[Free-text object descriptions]
◇ ◇ ◇
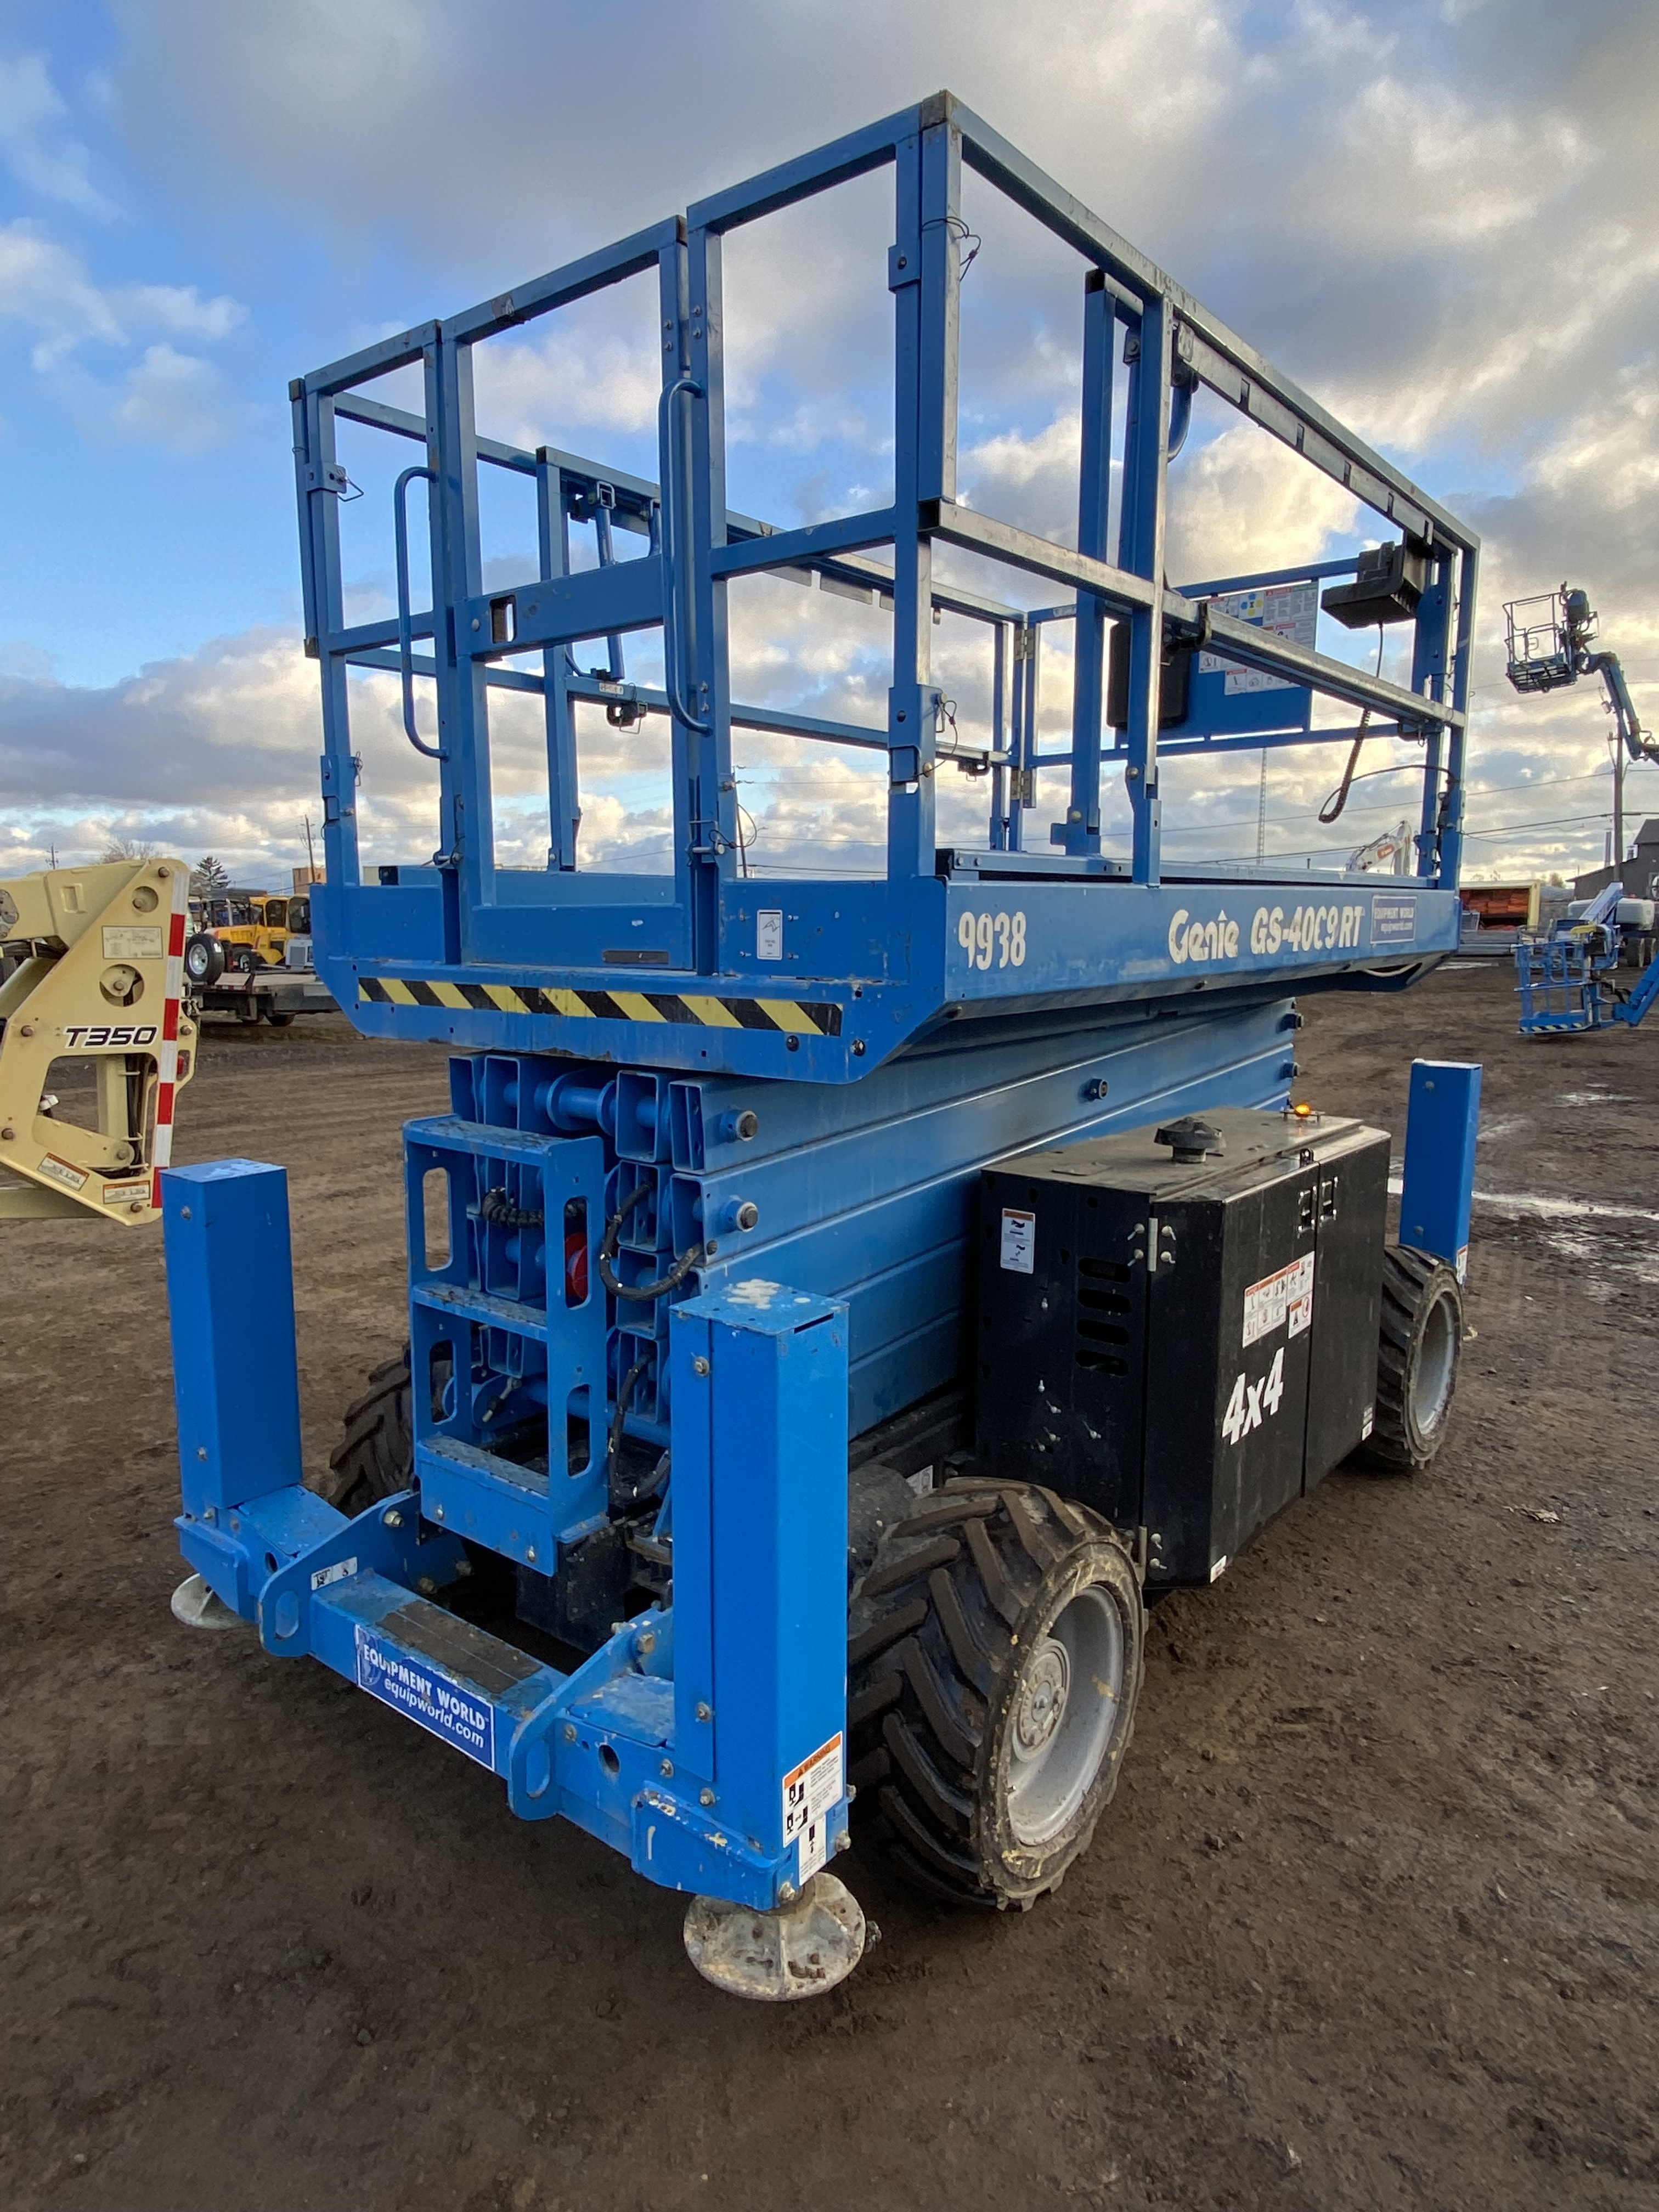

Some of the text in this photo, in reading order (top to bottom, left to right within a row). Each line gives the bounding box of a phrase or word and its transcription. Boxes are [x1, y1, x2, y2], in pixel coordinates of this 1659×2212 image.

[958, 911, 1026, 970] 9938
[1168, 909, 1240, 964] Genie
[65, 1026, 158, 1047] T350
[1222, 1347, 1284, 1445] 4x4
[364, 1644, 485, 1731] EQUIPMENT WORLD
[385, 1678, 484, 1748] equipworld.com
◇ ◇ ◇
# [What is needed]
Leaving the pictures aside, output each entry above exactly as written.

# [Response for this exercise]
Some of the text in this photo, in reading order (top to bottom, left to right within a row). Each line gives the bounding box of a phrase or word and its transcription. Boxes are [x1, y1, x2, y2], in pixel coordinates of this 1659×2212 image.

[958, 911, 1026, 970] 9938
[1168, 909, 1240, 964] Genie
[65, 1026, 158, 1047] T350
[1222, 1347, 1284, 1445] 4x4
[364, 1644, 485, 1731] EQUIPMENT WORLD
[385, 1678, 484, 1748] equipworld.com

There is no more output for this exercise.